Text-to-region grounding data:

####################

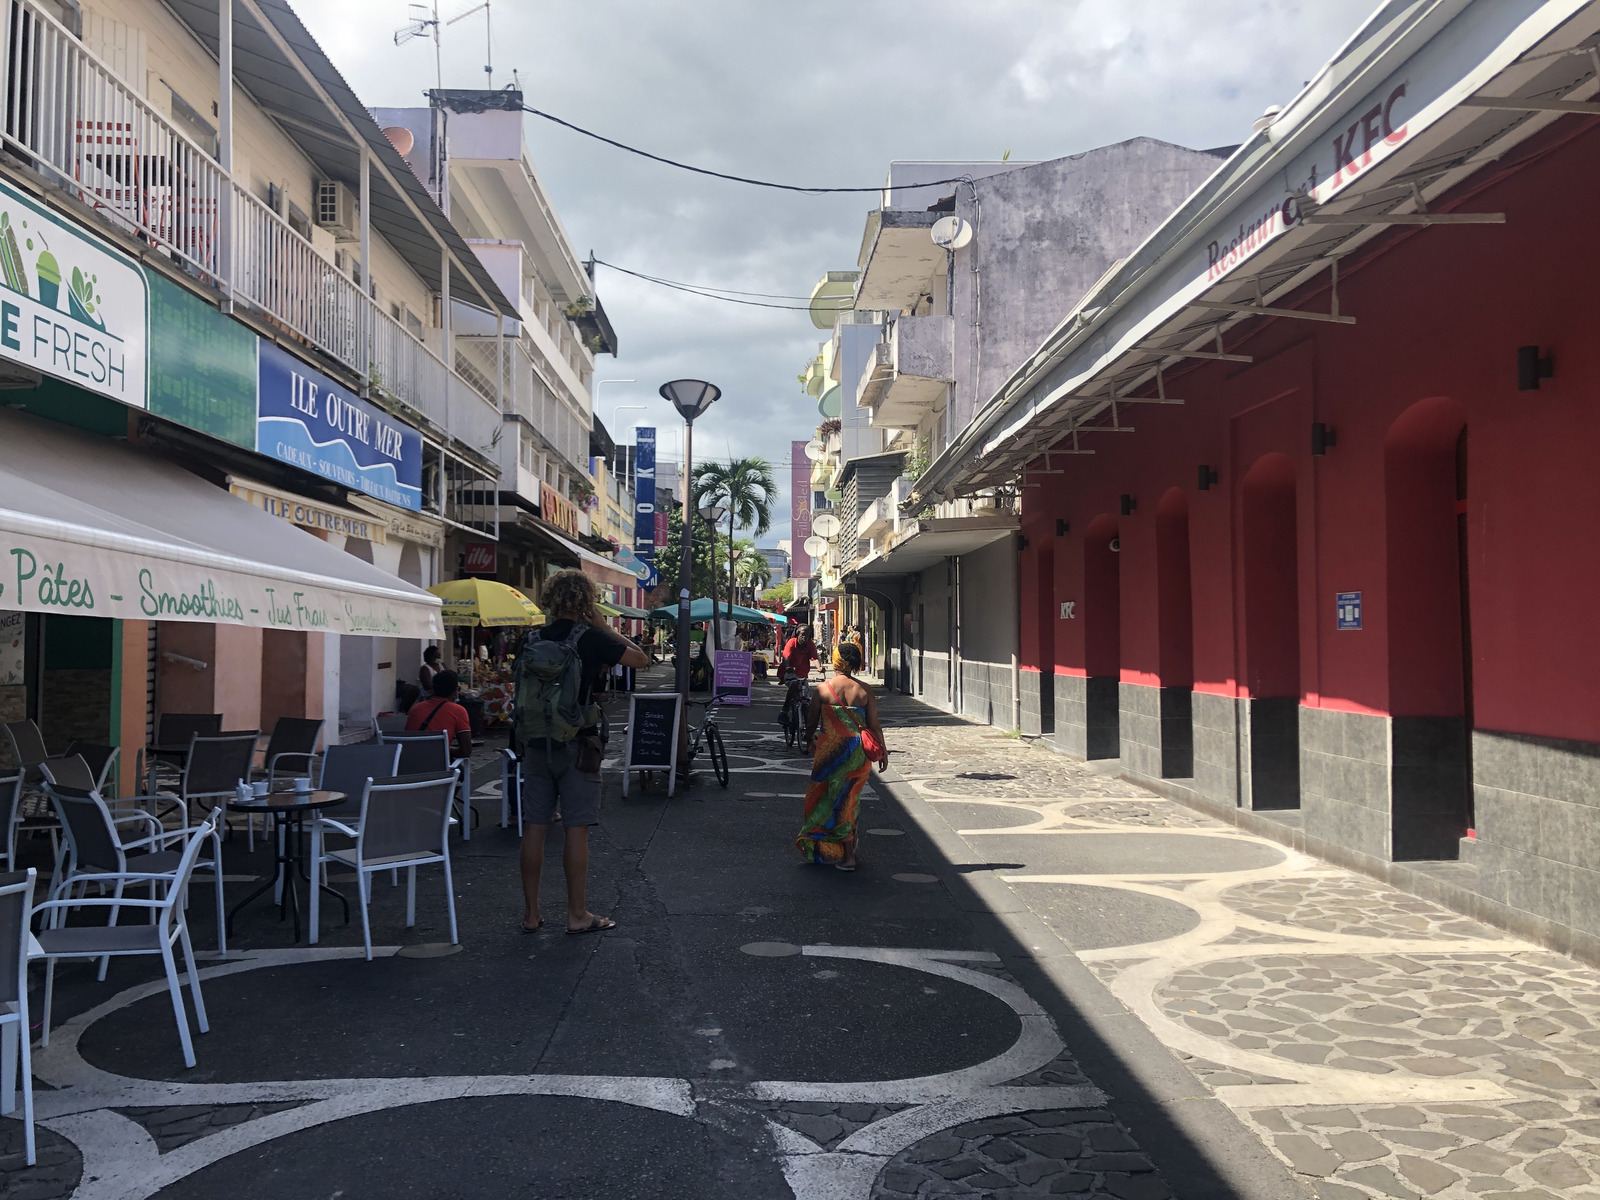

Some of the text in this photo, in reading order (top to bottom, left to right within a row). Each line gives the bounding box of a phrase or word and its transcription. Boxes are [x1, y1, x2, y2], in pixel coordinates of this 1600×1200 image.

[1332, 82, 1409, 190] KFC
[34, 315, 125, 392] FRESH
[290, 371, 403, 462] ILE OUTRE MER
[276, 441, 312, 469] CADEAUX
[318, 459, 356, 485] SOUVENIRS
[263, 497, 291, 519] ILE
[294, 506, 369, 537] OUTREMER
[467, 545, 493, 568] illy
[10, 548, 94, 609] Pâtes
[139, 569, 244, 621] Smoothies
[265, 588, 292, 625] Jus
[293, 592, 329, 630] Frais
[1060, 601, 1076, 619] KFC

####################

What is needed: All of the data is to be reproduced exactly, with the pictures left out.

Response to this exercise:
Some of the text in this photo, in reading order (top to bottom, left to right within a row). Each line gives the bounding box of a phrase or word and its transcription. Boxes are [x1, y1, x2, y2], in pixel coordinates of this 1600×1200 image.

[1332, 82, 1409, 190] KFC
[34, 315, 125, 392] FRESH
[290, 371, 403, 462] ILE OUTRE MER
[276, 441, 312, 469] CADEAUX
[318, 459, 356, 485] SOUVENIRS
[263, 497, 291, 519] ILE
[294, 506, 369, 537] OUTREMER
[467, 545, 493, 568] illy
[10, 548, 94, 609] Pâtes
[139, 569, 244, 621] Smoothies
[265, 588, 292, 625] Jus
[293, 592, 329, 630] Frais
[1060, 601, 1076, 619] KFC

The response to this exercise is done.